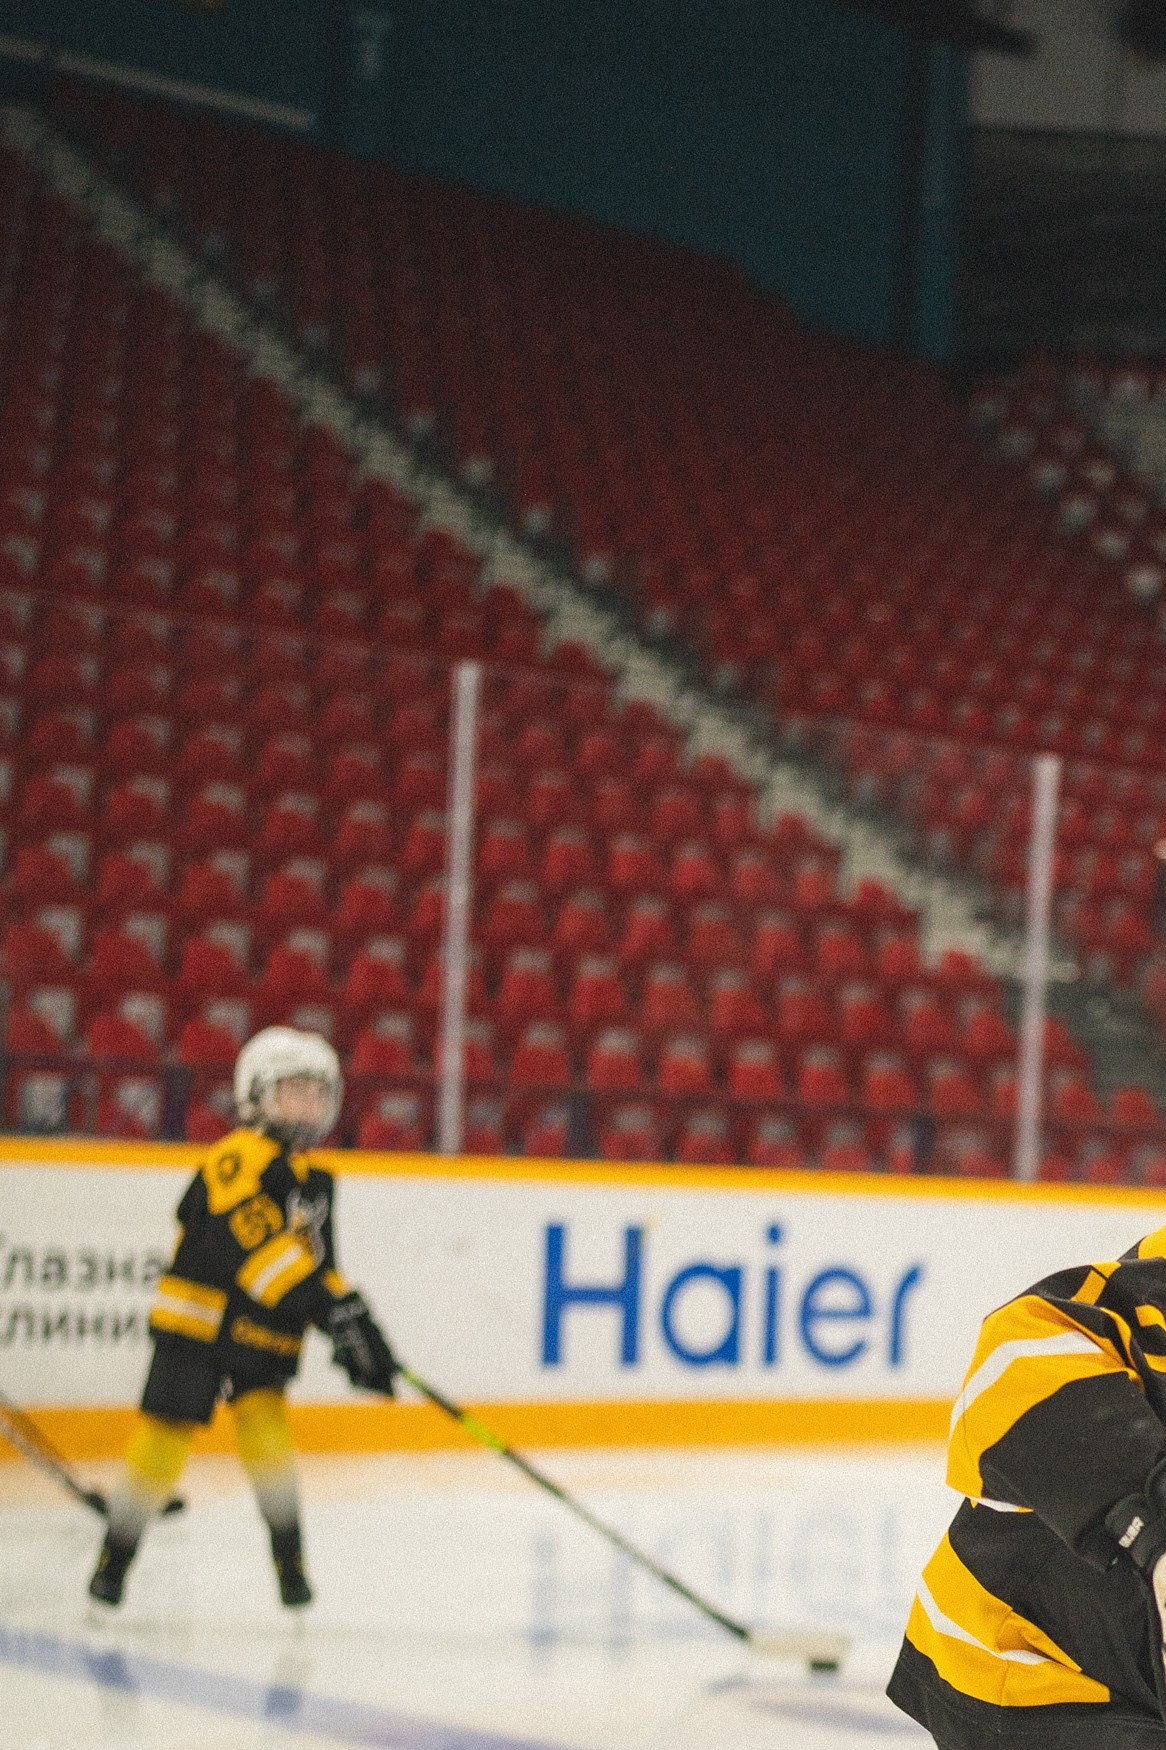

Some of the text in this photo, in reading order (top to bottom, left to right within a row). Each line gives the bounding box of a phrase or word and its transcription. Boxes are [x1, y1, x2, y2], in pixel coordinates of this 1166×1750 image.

[0, 1240, 168, 1291] лазна
[540, 1219, 924, 1370] Haier
[0, 1306, 142, 1346] лини
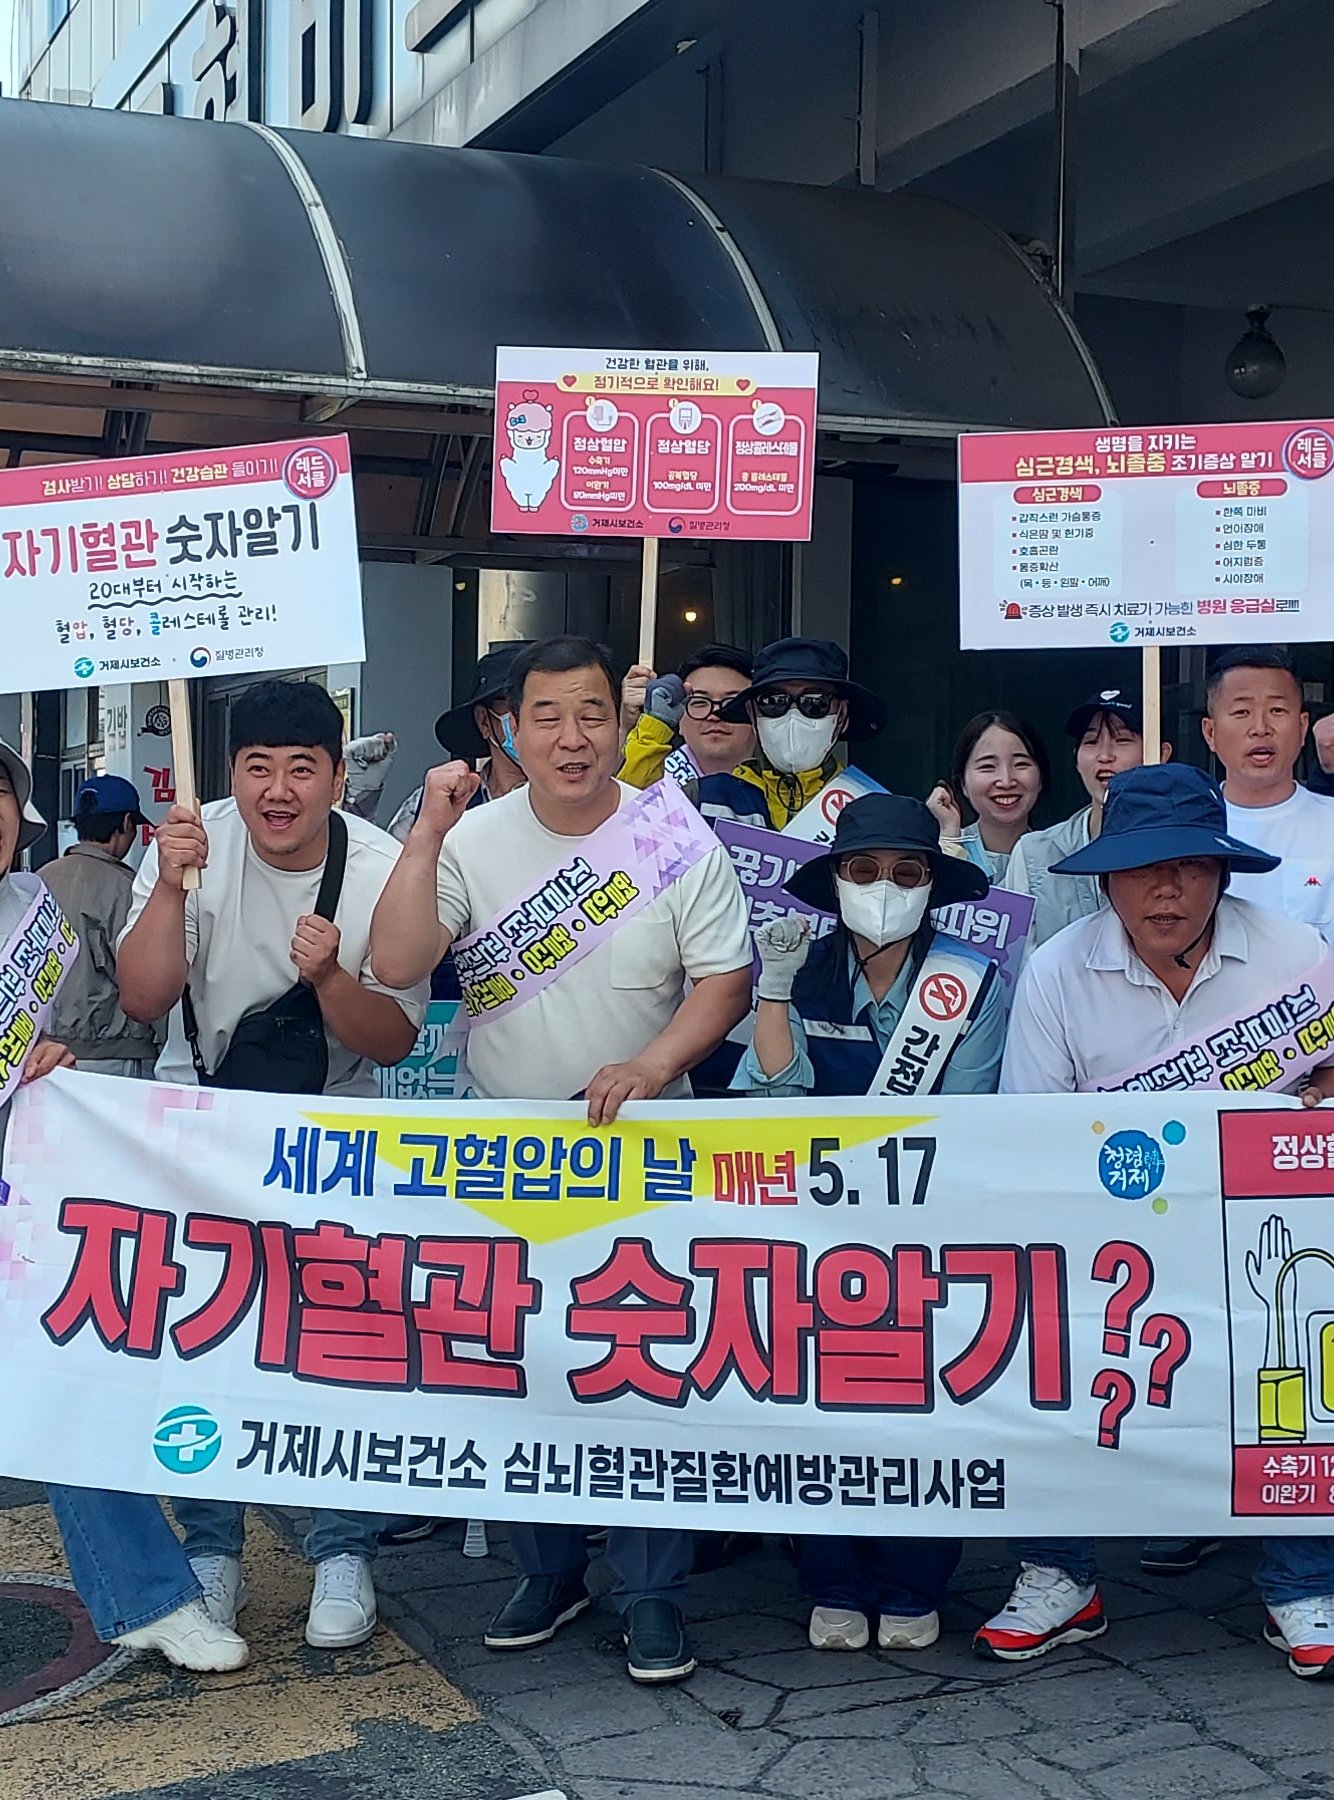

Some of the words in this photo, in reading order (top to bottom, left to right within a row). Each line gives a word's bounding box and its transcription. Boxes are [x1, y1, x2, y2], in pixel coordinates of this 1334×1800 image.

[605, 358, 641, 370] 건강한
[594, 376, 659, 390] 정기적으로
[663, 377, 719, 391] 확인해요!
[574, 437, 627, 452] 정상혈압
[658, 440, 711, 454] 정상혈당
[1095, 435, 1144, 452] 생명을
[1147, 434, 1196, 451] 지키는
[1296, 437, 1328, 453] 레드
[296, 455, 326, 473] 레드
[1015, 456, 1101, 477] 심근경색,
[1106, 452, 1166, 474] 뇌졸중
[1171, 453, 1235, 473] 조기증상
[1240, 451, 1273, 469] 알기
[1296, 451, 1327, 468] 서클
[41, 473, 105, 496] 검사받기!
[107, 469, 167, 491] 상담하기!
[171, 463, 228, 484] 건강습관
[231, 457, 279, 478] 들이기!
[296, 471, 327, 489] 서클
[1032, 486, 1083, 502] 심근경색
[1223, 481, 1261, 496] 뇌졸중
[1019, 512, 1059, 523] 갑작스런
[1061, 511, 1101, 522] 가슴통증
[1223, 506, 1244, 519] 한쪽
[1246, 505, 1267, 518] 마비
[592, 519, 643, 528] 거제시보건소
[1223, 522, 1264, 535] 언어장애
[2, 518, 159, 579] 자기혈관
[166, 502, 320, 566] 숫자알기
[1019, 529, 1049, 539] 식은땀
[1019, 546, 1059, 556] 호흡곤란
[1223, 539, 1244, 552] 심한
[1246, 538, 1267, 551] 두통
[1020, 562, 1059, 572] 통증확산
[1223, 555, 1264, 568] 어지럼증
[88, 577, 162, 600] 20대부터
[171, 569, 238, 593] 시작하는
[1223, 572, 1264, 585] 시야장애
[1028, 605, 1055, 618] 증상
[1057, 604, 1083, 618] 발생
[1085, 604, 1111, 617] 즉시
[1114, 603, 1153, 617] 치료가
[1155, 602, 1193, 616] 가능한
[1197, 599, 1227, 615] 병원
[55, 619, 96, 644] 혈압,
[102, 615, 142, 639] 혈당,
[148, 605, 230, 635] 콜레스테롤
[237, 604, 278, 629] 관리!
[1134, 626, 1197, 637] 거제시보건소
[214, 645, 265, 662] 질병관리청
[98, 655, 162, 672] 거제시보건소
[498, 856, 599, 948] 지금부터
[581, 870, 640, 927] 혈압
[519, 924, 578, 974] 혈당
[1207, 983, 1321, 1068] 지금부터
[879, 1025, 940, 1096] 간접
[1220, 1049, 1284, 1091] 혈당
[263, 1126, 380, 1198] 세계
[392, 1131, 622, 1201] 고혈압의
[643, 1136, 698, 1203] 날
[712, 1149, 797, 1208] 매년
[808, 1136, 861, 1206] 5.
[877, 1136, 939, 1206] 17
[1107, 1167, 1150, 1193] 거제
[39, 1196, 544, 1400] 자기혈관
[566, 1236, 1073, 1413] 숫자알기
[235, 1418, 489, 1491] 거제시보건소
[502, 1440, 1007, 1510] 심뇌혈관질환예방관리사업
[1262, 1453, 1318, 1480] 수축기
[1261, 1482, 1317, 1507] 이완기
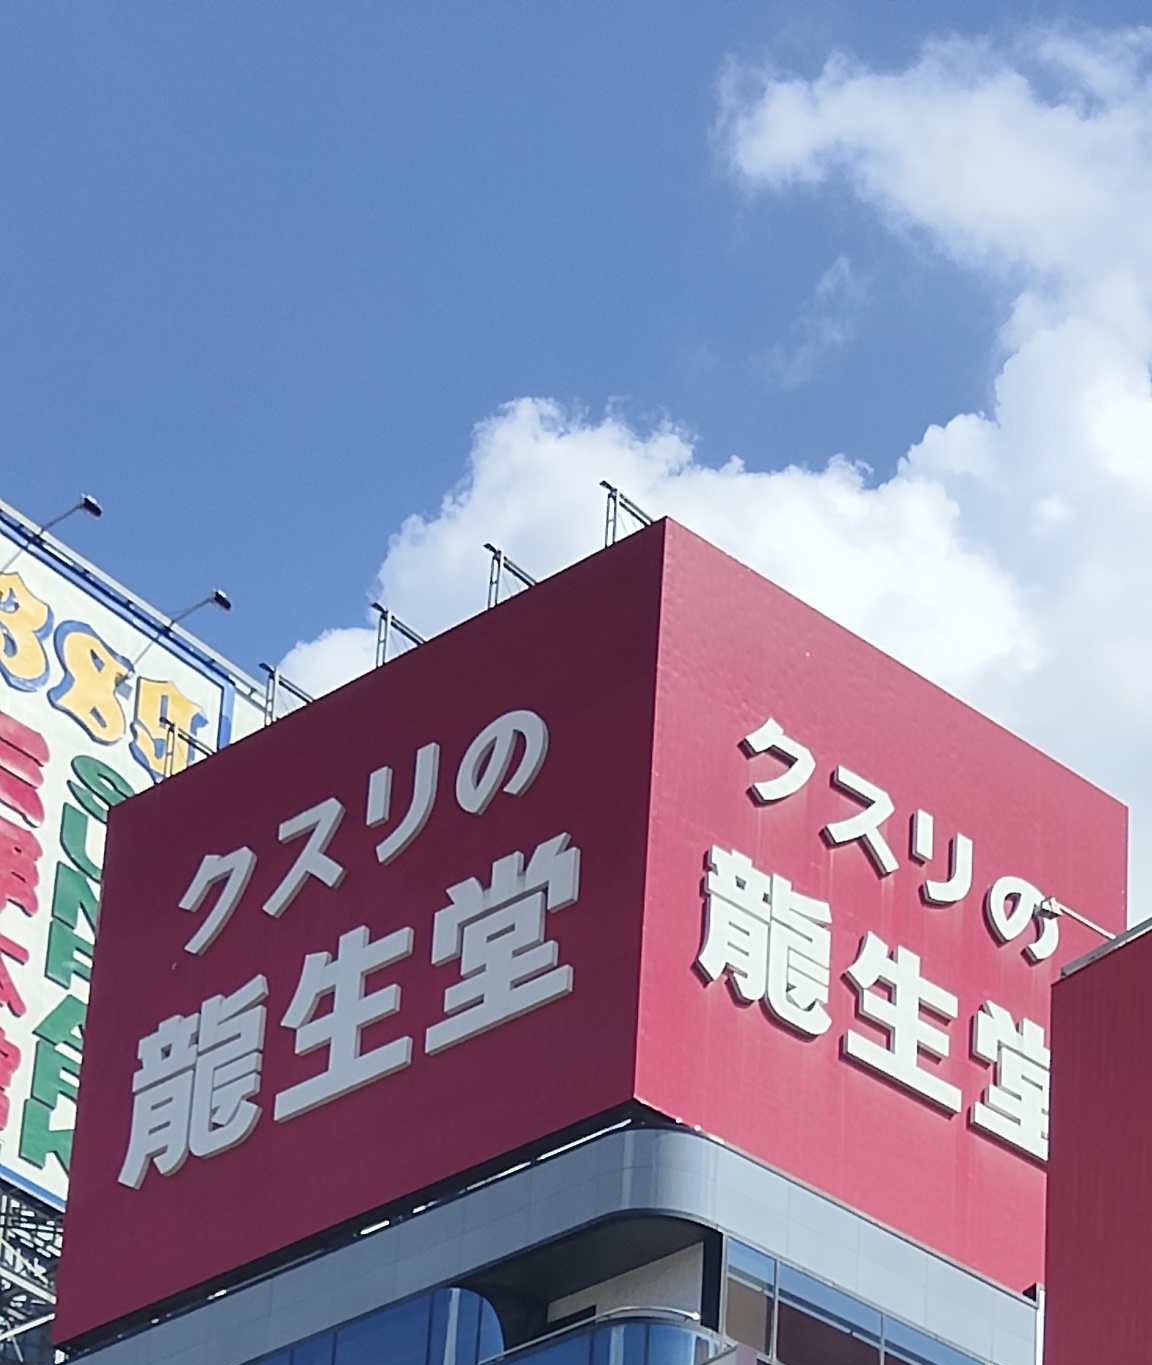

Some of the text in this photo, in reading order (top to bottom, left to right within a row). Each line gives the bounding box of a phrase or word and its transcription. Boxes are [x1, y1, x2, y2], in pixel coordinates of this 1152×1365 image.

[177, 708, 548, 956] クスリの
[740, 717, 1059, 963] クスリの
[117, 832, 582, 1188] 龍生堂
[694, 844, 1050, 1162] 龍生堂

##############################

### Your assignment
Produce an exact copy of each line of data, skipping embedded images.

### Task response
Some of the text in this photo, in reading order (top to bottom, left to right within a row). Each line gives the bounding box of a phrase or word and its transcription. Boxes are [x1, y1, x2, y2], in pixel coordinates of this 1166×1750 image.

[0, 1240, 168, 1291] лазна
[540, 1219, 924, 1370] Haier
[0, 1306, 142, 1346] лини

Some of the words in this photo, in reading order (top to bottom, left to right within a row). Each line gives a word's bounding box and its transcription. Boxes are [x1, y1, x2, y2], in pixel coordinates of this 1334×1800 image.

[605, 358, 641, 370] 건강한
[594, 376, 659, 390] 정기적으로
[663, 377, 719, 391] 확인해요!
[574, 437, 627, 452] 정상혈압
[658, 440, 711, 454] 정상혈당
[1095, 435, 1144, 452] 생명을
[1147, 434, 1196, 451] 지키는
[1296, 437, 1328, 453] 레드
[296, 455, 326, 473] 레드
[1015, 456, 1101, 477] 심근경색,
[1106, 452, 1166, 474] 뇌졸중
[1171, 453, 1235, 473] 조기증상
[1240, 451, 1273, 469] 알기
[1296, 451, 1327, 468] 서클
[41, 473, 105, 496] 검사받기!
[107, 469, 167, 491] 상담하기!
[171, 463, 228, 484] 건강습관
[231, 457, 279, 478] 들이기!
[296, 471, 327, 489] 서클
[1032, 486, 1083, 502] 심근경색
[1223, 481, 1261, 496] 뇌졸중
[1019, 512, 1059, 523] 갑작스런
[1061, 511, 1101, 522] 가슴통증
[1223, 506, 1244, 519] 한쪽
[1246, 505, 1267, 518] 마비
[592, 519, 643, 528] 거제시보건소
[1223, 522, 1264, 535] 언어장애
[2, 518, 159, 579] 자기혈관
[166, 502, 320, 566] 숫자알기
[1019, 529, 1049, 539] 식은땀
[1019, 546, 1059, 556] 호흡곤란
[1223, 539, 1244, 552] 심한
[1246, 538, 1267, 551] 두통
[1020, 562, 1059, 572] 통증확산
[1223, 555, 1264, 568] 어지럼증
[88, 577, 162, 600] 20대부터
[171, 569, 238, 593] 시작하는
[1223, 572, 1264, 585] 시야장애
[1028, 605, 1055, 618] 증상
[1057, 604, 1083, 618] 발생
[1085, 604, 1111, 617] 즉시
[1114, 603, 1153, 617] 치료가
[1155, 602, 1193, 616] 가능한
[1197, 599, 1227, 615] 병원
[55, 619, 96, 644] 혈압,
[102, 615, 142, 639] 혈당,
[148, 605, 230, 635] 콜레스테롤
[237, 604, 278, 629] 관리!
[1134, 626, 1197, 637] 거제시보건소
[214, 645, 265, 662] 질병관리청
[98, 655, 162, 672] 거제시보건소
[498, 856, 599, 948] 지금부터
[581, 870, 640, 927] 혈압
[519, 924, 578, 974] 혈당
[1207, 983, 1321, 1068] 지금부터
[879, 1025, 940, 1096] 간접
[1220, 1049, 1284, 1091] 혈당
[263, 1126, 380, 1198] 세계
[392, 1131, 622, 1201] 고혈압의
[643, 1136, 698, 1203] 날
[712, 1149, 797, 1208] 매년
[808, 1136, 861, 1206] 5.
[877, 1136, 939, 1206] 17
[1107, 1167, 1150, 1193] 거제
[39, 1196, 544, 1400] 자기혈관
[566, 1236, 1073, 1413] 숫자알기
[235, 1418, 489, 1491] 거제시보건소
[502, 1440, 1007, 1510] 심뇌혈관질환예방관리사업
[1262, 1453, 1318, 1480] 수축기
[1261, 1482, 1317, 1507] 이완기

Some of the text in this photo, in reading order (top to bottom, left to right within a row). Each line gives the bounding box of a phrase or word and its transcription. Boxes are [x1, y1, x2, y2], in pixel coordinates of this 1152×1365 image.

[177, 708, 548, 956] クスリの
[740, 717, 1059, 963] クスリの
[117, 832, 582, 1188] 龍生堂
[694, 844, 1050, 1162] 龍生堂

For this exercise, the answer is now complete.